= To do =
Give the entries back exactly as they stand, but without pictures.

= Data to examine =
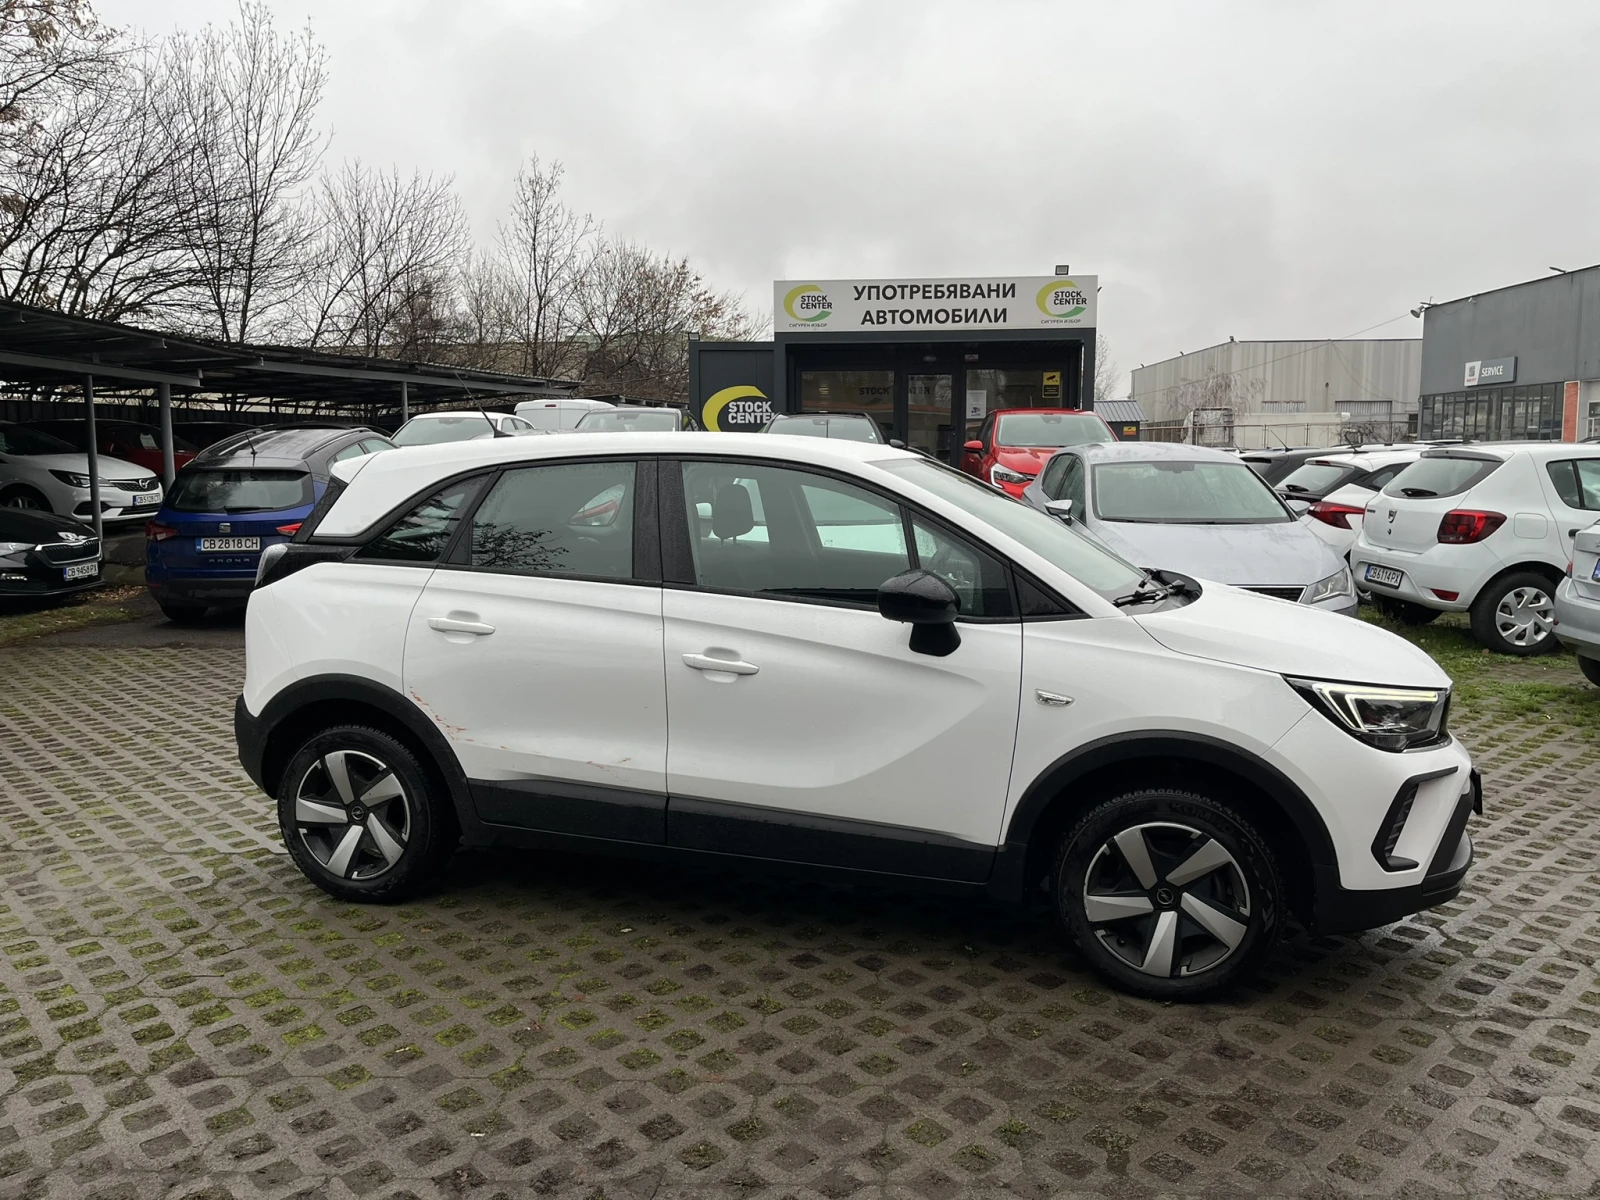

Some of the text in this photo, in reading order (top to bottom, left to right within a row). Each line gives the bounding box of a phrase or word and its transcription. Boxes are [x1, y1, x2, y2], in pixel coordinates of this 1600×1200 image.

[853, 283, 1016, 300] УПОТРЕБЯВАНИ
[860, 308, 1007, 325] АВТОМОБИЛИ
[1481, 365, 1503, 377] SERVICE
[858, 387, 890, 396] STOCK
[728, 401, 772, 412] STOCK
[203, 538, 258, 549] CB 2818 CH
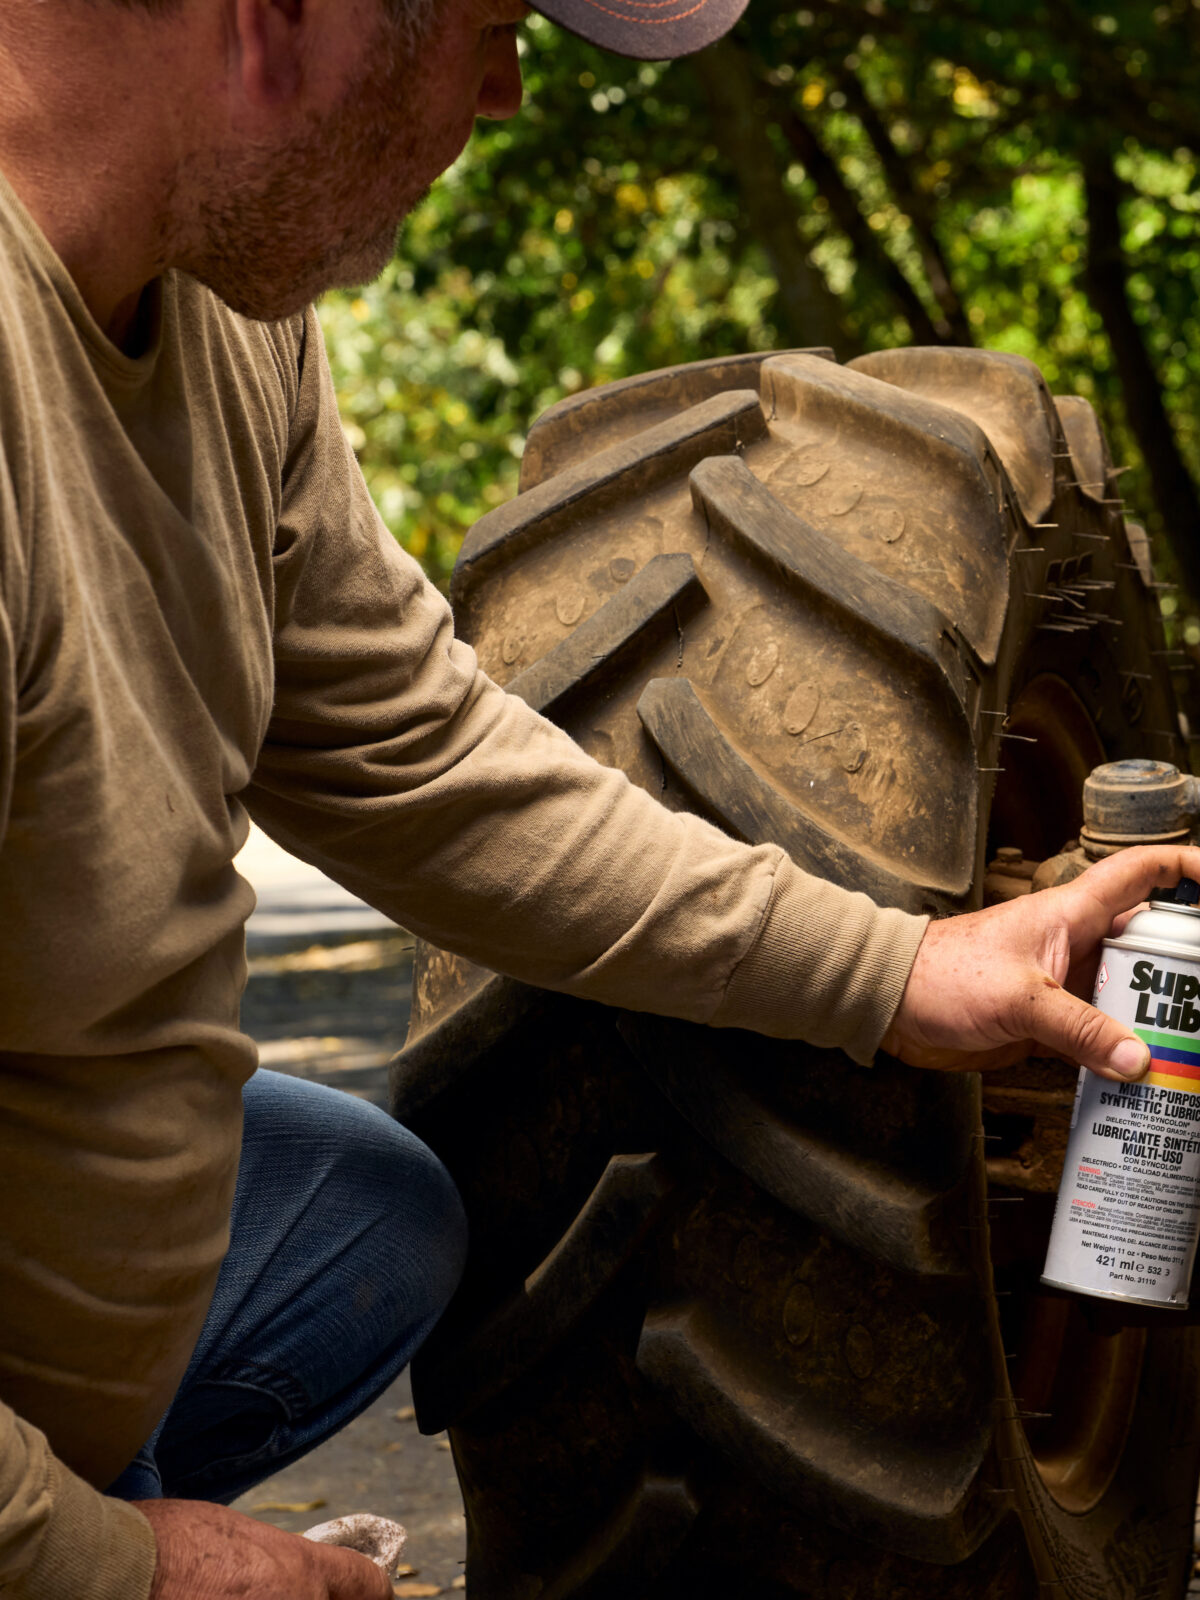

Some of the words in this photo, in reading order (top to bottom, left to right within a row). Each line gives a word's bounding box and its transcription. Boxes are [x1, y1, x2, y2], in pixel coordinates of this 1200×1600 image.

[1100, 1092, 1161, 1114] SYNTHETIC
[1106, 1116, 1141, 1128] DIELECTRIC
[1146, 1124, 1165, 1132] FOOD
[1166, 1128, 1186, 1136] GRADE
[1131, 1112, 1148, 1120] WITH
[1092, 1122, 1161, 1147] LUBRICANTE
[1122, 1142, 1183, 1165] MULTI-USO
[1124, 1156, 1140, 1165] CON
[1082, 1156, 1117, 1169] DIELECTRICO
[1133, 1166, 1160, 1176] CALIDAD
[1089, 1185, 1119, 1196] CAREFULLY
[1120, 1192, 1139, 1200] OTHER
[1141, 1195, 1168, 1205] CAUTIONS
[1103, 1196, 1117, 1204] KEEP
[1138, 1202, 1155, 1210] REACH
[1082, 1229, 1108, 1239] MANTENGA
[1109, 1234, 1126, 1243] FUERA
[1111, 1225, 1128, 1233] OTRAS
[1093, 1242, 1116, 1253] Weight
[1141, 1252, 1158, 1261] Peso
[1158, 1255, 1171, 1263] Neto
[1096, 1255, 1116, 1267] 421
[1119, 1260, 1135, 1271] ml
[1147, 1265, 1162, 1275] 532
[1109, 1271, 1124, 1280] Part
[1125, 1274, 1136, 1282] No.
[1137, 1277, 1156, 1285] 31110
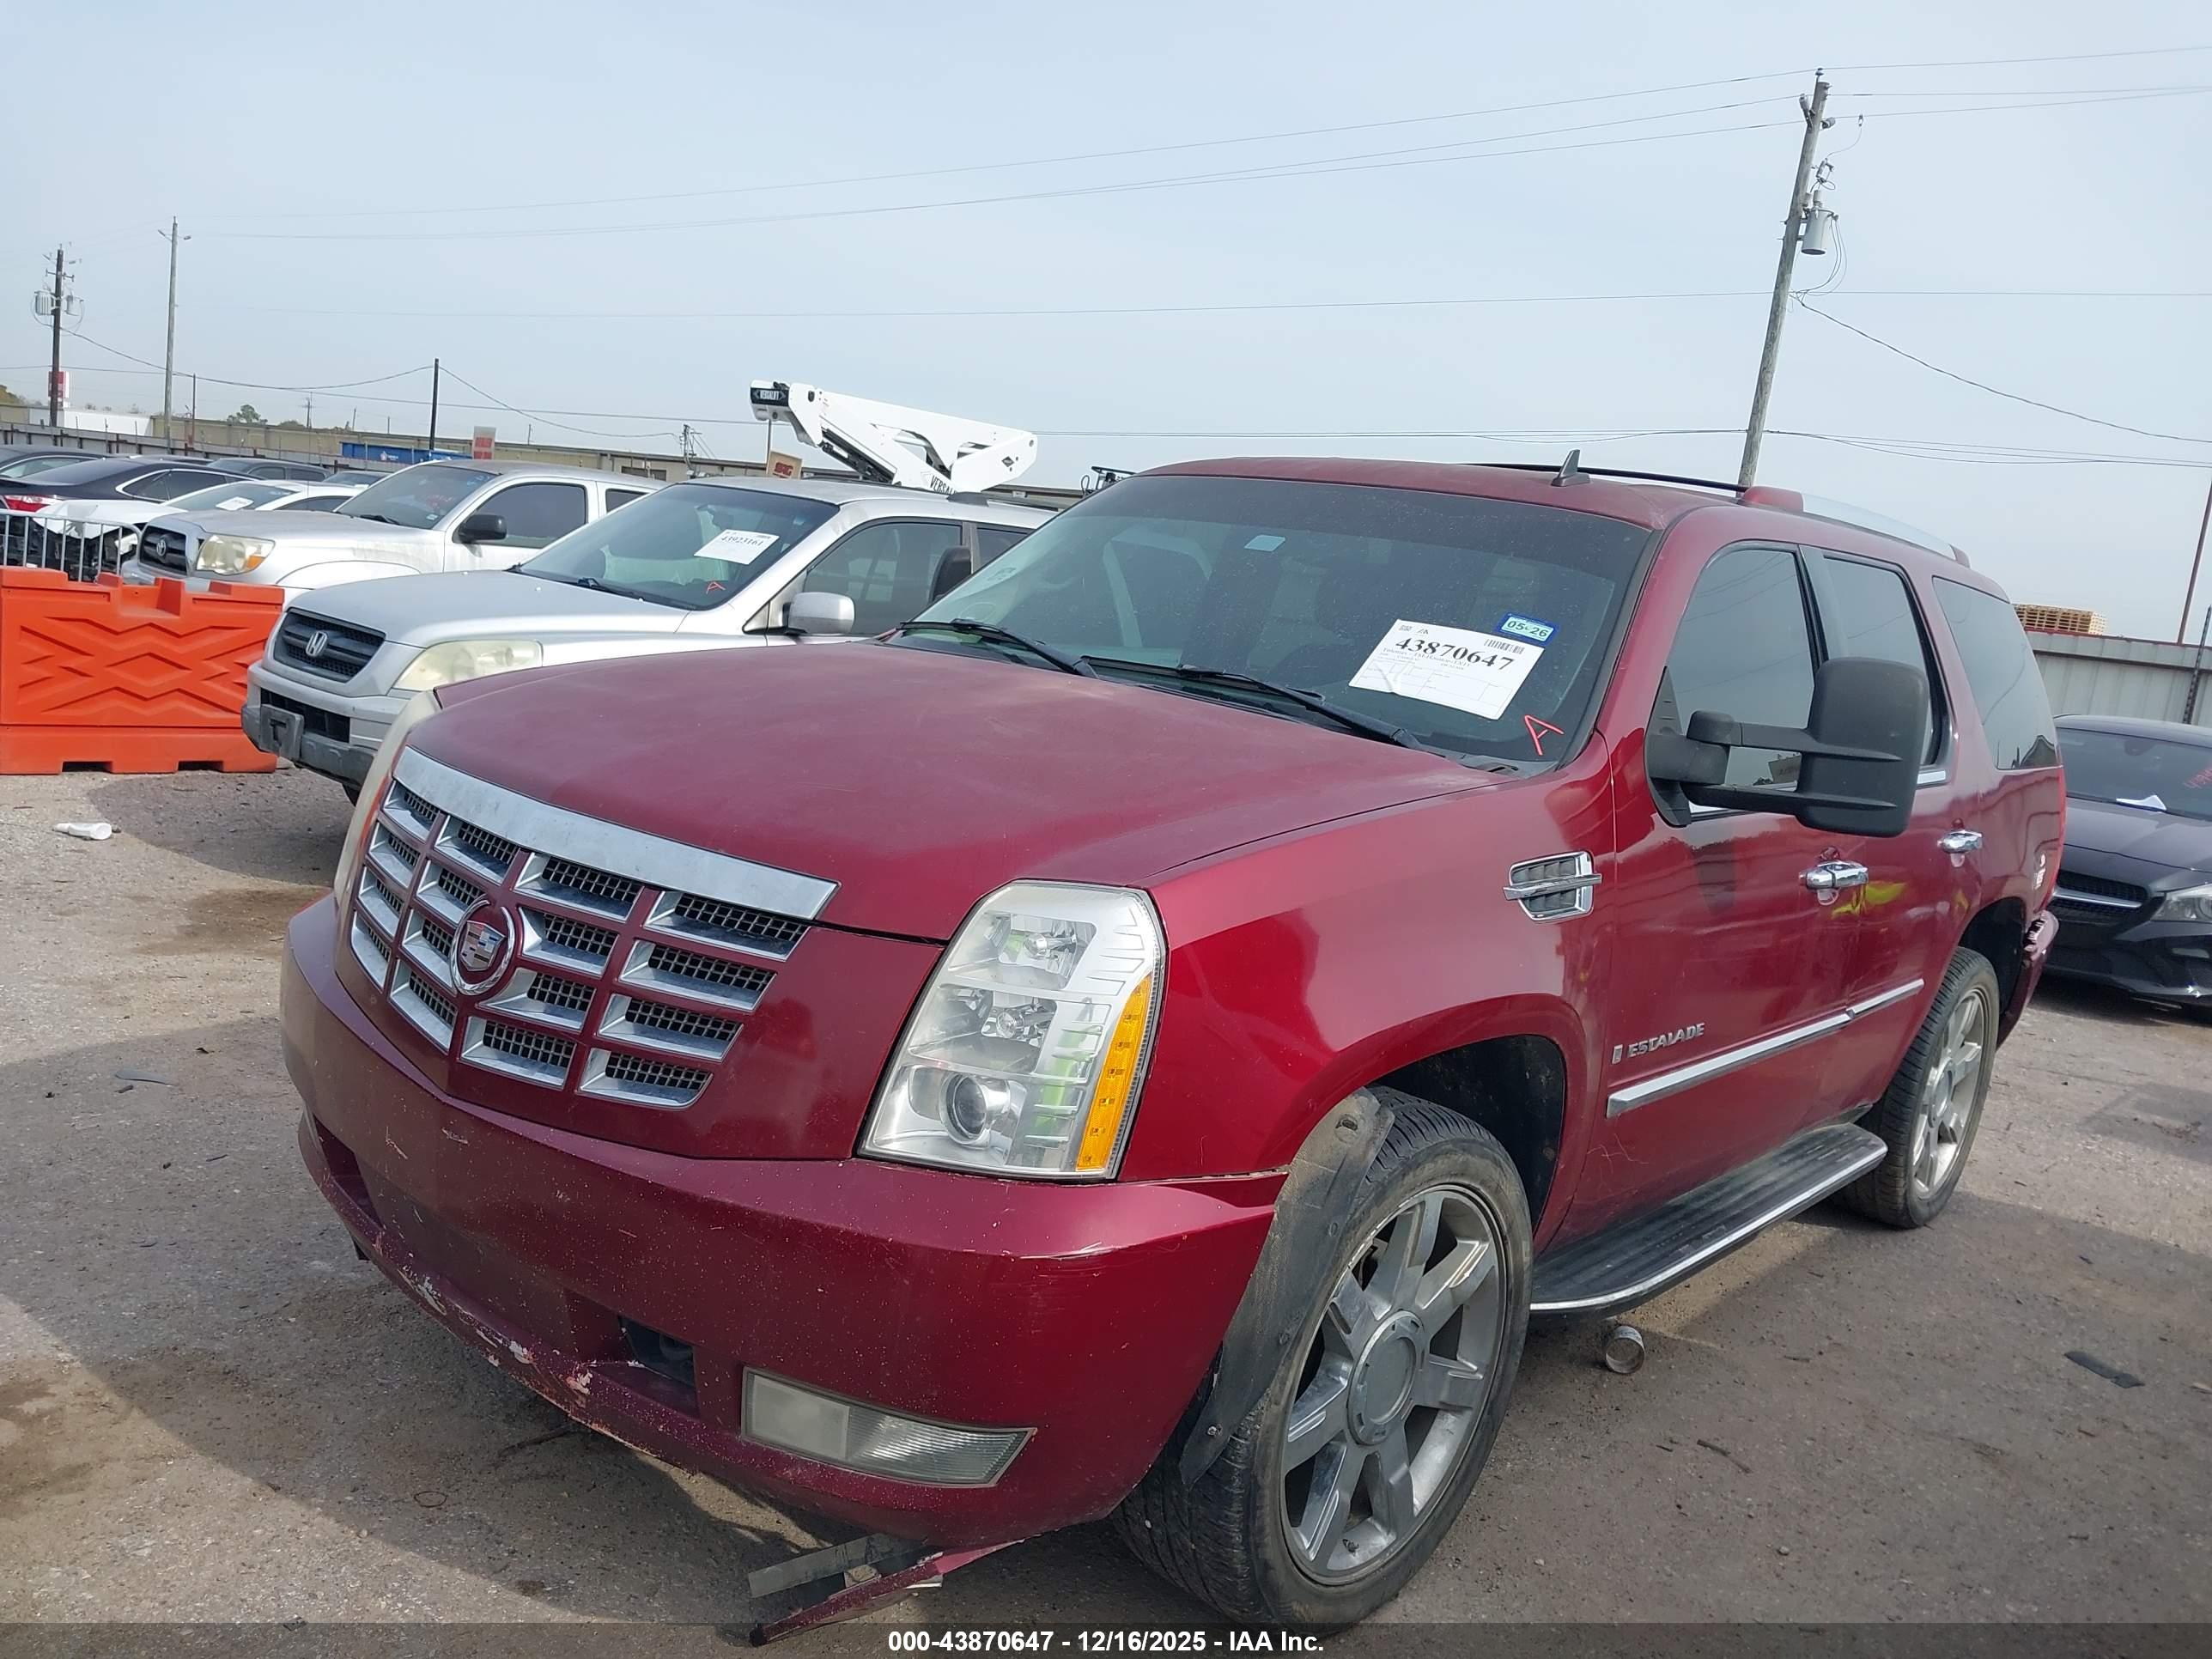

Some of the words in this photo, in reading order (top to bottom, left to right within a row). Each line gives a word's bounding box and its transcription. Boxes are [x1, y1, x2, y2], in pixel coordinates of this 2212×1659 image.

[1395, 638, 1514, 670] 43870647
[1524, 714, 1565, 756] A
[1627, 1022, 1705, 1058] ESCALADE

= Exercise solution =
Some of the text in this photo, in reading order (top to bottom, left to right within a row). Each line gives the bounding box of a phrase or word and its transcription. Boxes are [x1, y1, x2, y2], in pixel coordinates of this 1600×1200 image.

[853, 283, 1016, 300] УПОТРЕБЯВАНИ
[860, 308, 1007, 325] АВТОМОБИЛИ
[1481, 365, 1503, 377] SERVICE
[858, 387, 890, 396] STOCK
[728, 401, 772, 412] STOCK
[203, 538, 258, 549] CB 2818 CH

Some of the words in this photo, in reading order (top to bottom, left to right within a row). Each line gives a word's bounding box and its transcription. Boxes are [x1, y1, x2, y2], in pixel coordinates of this 1200×1600 image.

[1100, 1092, 1161, 1114] SYNTHETIC
[1106, 1116, 1141, 1128] DIELECTRIC
[1146, 1124, 1165, 1132] FOOD
[1166, 1128, 1186, 1136] GRADE
[1131, 1112, 1148, 1120] WITH
[1092, 1122, 1161, 1147] LUBRICANTE
[1122, 1142, 1183, 1165] MULTI-USO
[1124, 1156, 1140, 1165] CON
[1082, 1156, 1117, 1169] DIELECTRICO
[1133, 1166, 1160, 1176] CALIDAD
[1089, 1185, 1119, 1196] CAREFULLY
[1120, 1192, 1139, 1200] OTHER
[1141, 1195, 1168, 1205] CAUTIONS
[1103, 1196, 1117, 1204] KEEP
[1138, 1202, 1155, 1210] REACH
[1082, 1229, 1108, 1239] MANTENGA
[1109, 1234, 1126, 1243] FUERA
[1111, 1225, 1128, 1233] OTRAS
[1093, 1242, 1116, 1253] Weight
[1141, 1252, 1158, 1261] Peso
[1158, 1255, 1171, 1263] Neto
[1096, 1255, 1116, 1267] 421
[1119, 1260, 1135, 1271] ml
[1147, 1265, 1162, 1275] 532
[1109, 1271, 1124, 1280] Part
[1125, 1274, 1136, 1282] No.
[1137, 1277, 1156, 1285] 31110

Some of the words in this photo, in reading order (top to bottom, left to right within a row). Each line gives a word's bounding box and its transcription. Boxes are [x1, y1, x2, y2], in pixel coordinates of this 2212×1659 image.

[1395, 638, 1514, 670] 43870647
[1524, 714, 1565, 756] A
[1627, 1022, 1705, 1058] ESCALADE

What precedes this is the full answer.